- Interactive map of Kawal Wildlife Sanctuary
- Location: Mancherial district, Telangana
- Coordinates: 19°07′08″N 78°59′56″E﻿ / ﻿19.1188949°N 78.9989734°E
- Area: 2,015.44 km^{2} (778.17 sq mi)
- Established: 2012

= Kawal Wildlife Sanctuary =

Wildlife sanctuary in India

Kawal Wildlife Sanctuary is a wildlife sanctuary in Jannaram mandal of Mancherial District in the Telangana state of India. The Government of India declared it as a tiger reserve in 2012. It is a catchment for the Godavari and Kadam rivers, which flow towards the south of the sanctuary.

== History ==
Kawal Wildlife Sanctuary was established in 1965.
It was listed as a tiger reserve in April 2012.

==Geography==
Kawal Wildlife Sanctuary is located in Mancherial district and surrounded by Adilabad district and Komaram Bheem Asifabad district on the north, Jagtial district and Peddapalli district on the south and Nirmal district on the west.
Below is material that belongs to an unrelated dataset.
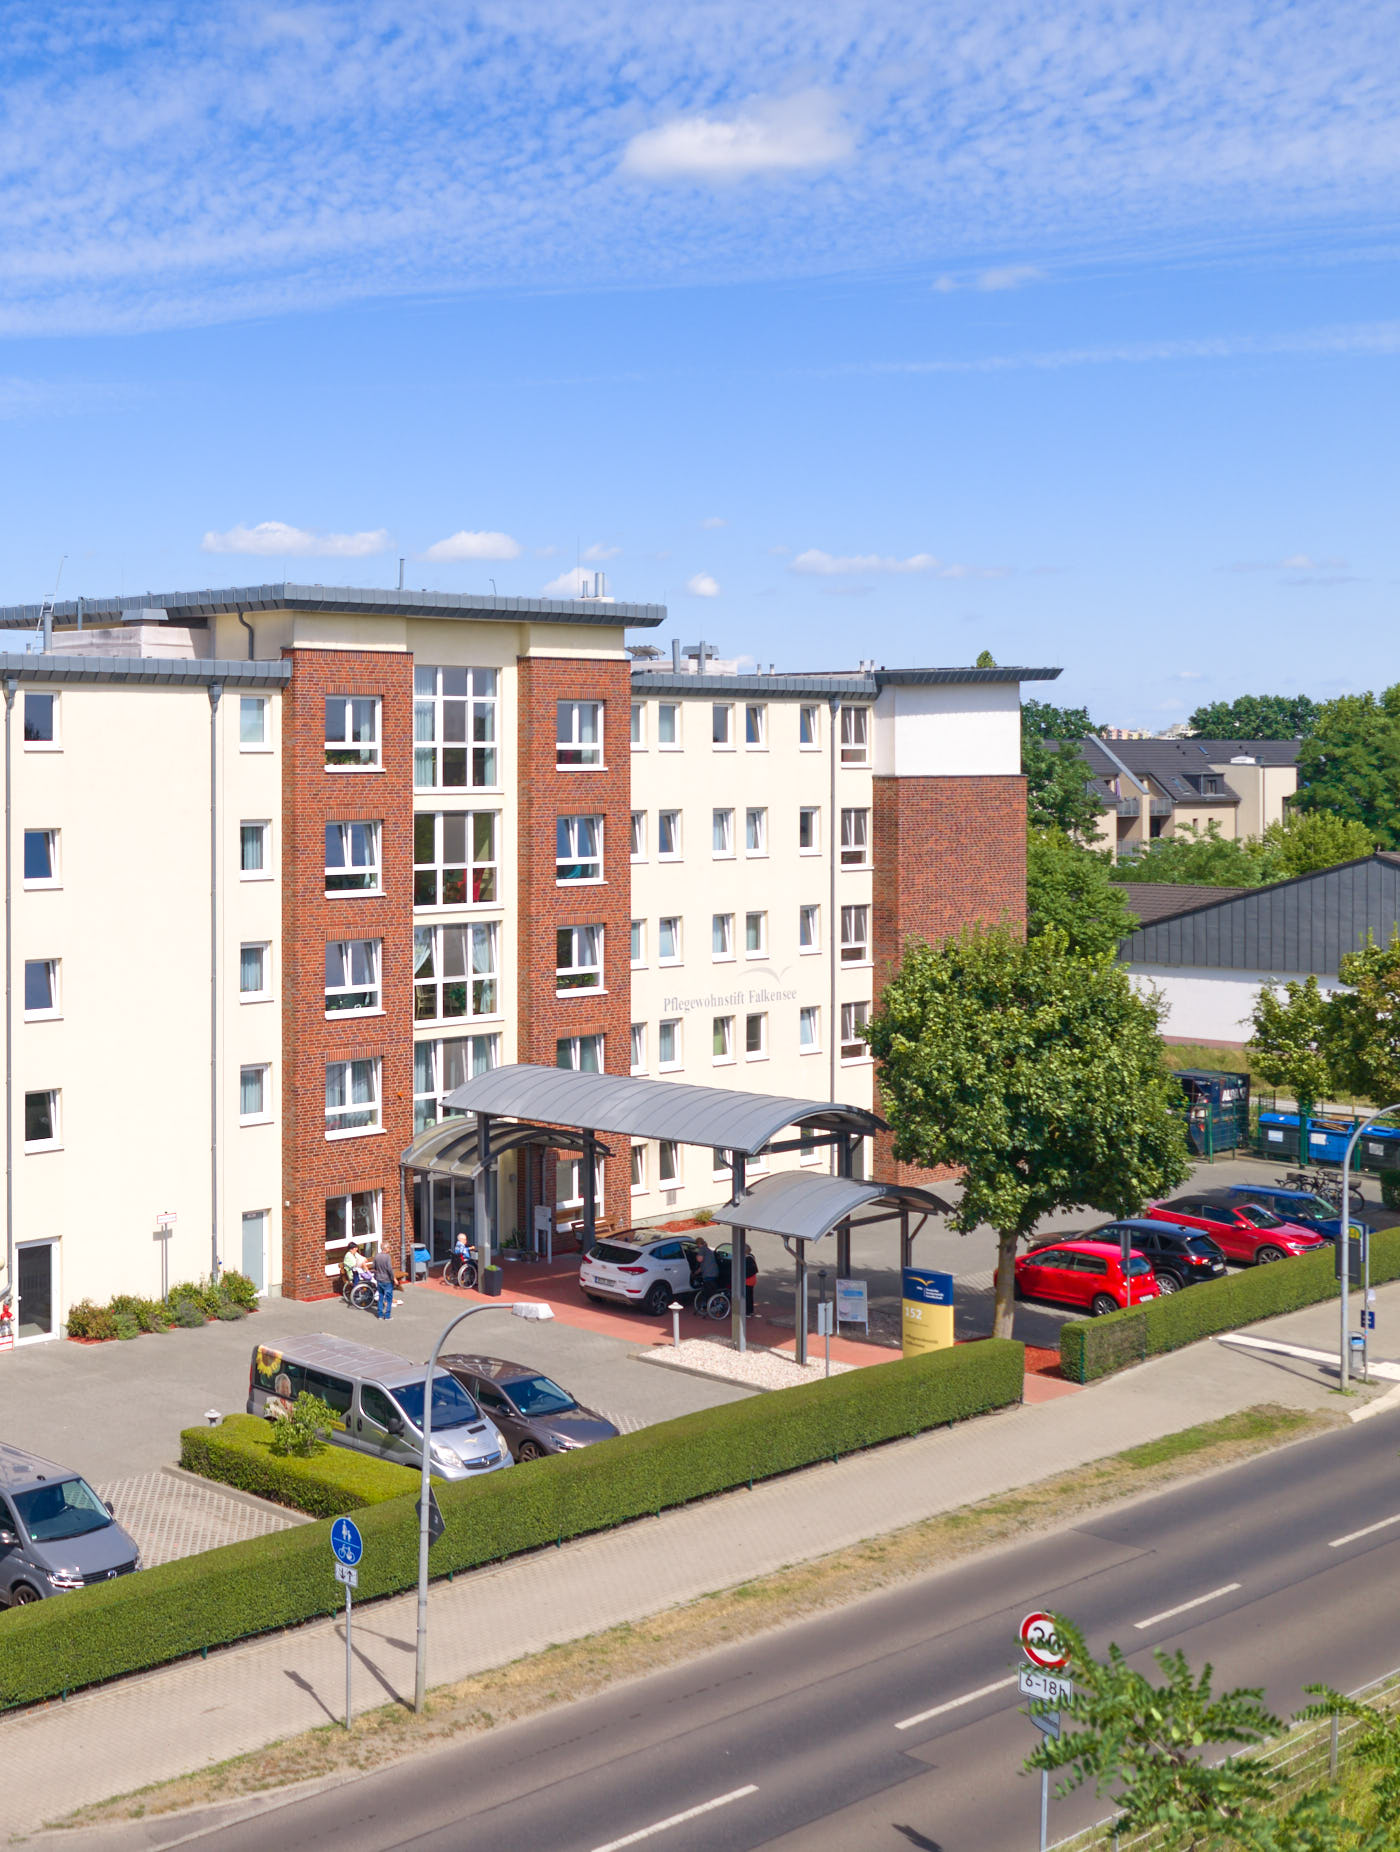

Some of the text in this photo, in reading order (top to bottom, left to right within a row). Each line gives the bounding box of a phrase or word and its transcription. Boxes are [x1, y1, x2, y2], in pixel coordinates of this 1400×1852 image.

[664, 988, 797, 1013] Pflegewohnstift Falkensee
[904, 1306, 922, 1320] 152
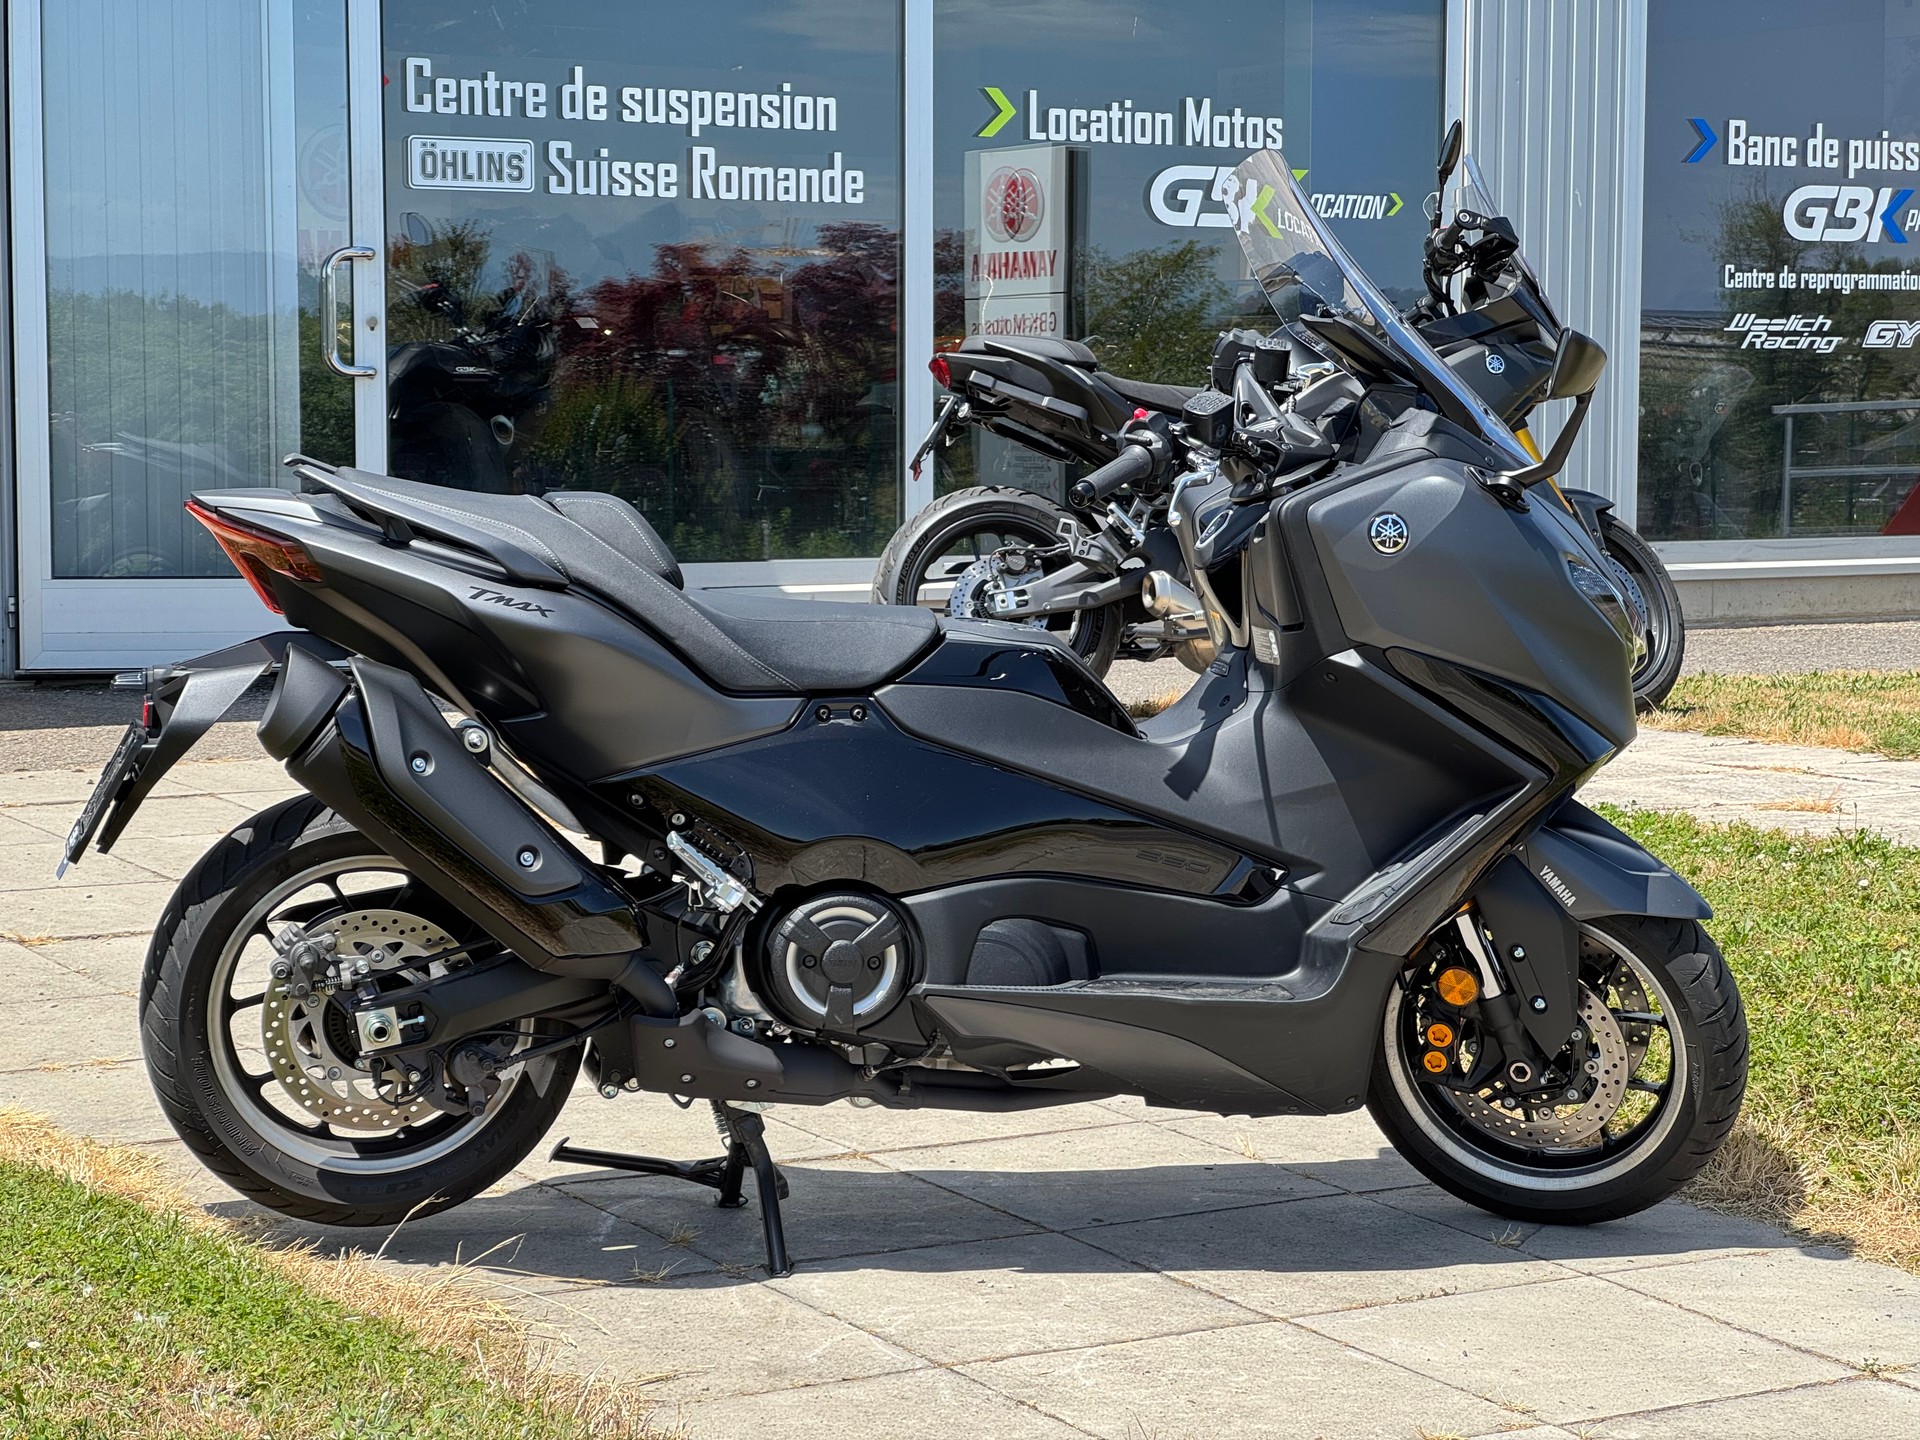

It extends from the Sahayadri Hills to Tadoba Andhari Tiger Reserve in Maharashtra.
It covers an area of 893 km2.

== Wildlife ==

=== Flora ===
The sanctuary is one of the richest teak forests in the state, with dense pristine areas free of human disturbance. The River Godavari flows through this area. Dry deciduous teak forests mixed with bamboo, terminalia, pterocarpus, anogeissus and cassias.

=== Fauna ===
Mammal species that have been sighted include tiger, leopard, gaur, cheetal, sambar, nilgai, barking deer, chowsingha, and sloth bear. Several species of birds and reptiles are also found in the sanctuary.

About 48 tigers are currently staying at the sanctuary, according to unofficial government sources, a number which the government hopes will increase over time.

==Threats==
It is increasingly getting threatened by growing human encroachment, rampant poaching, illegal wood felling and habitat loss.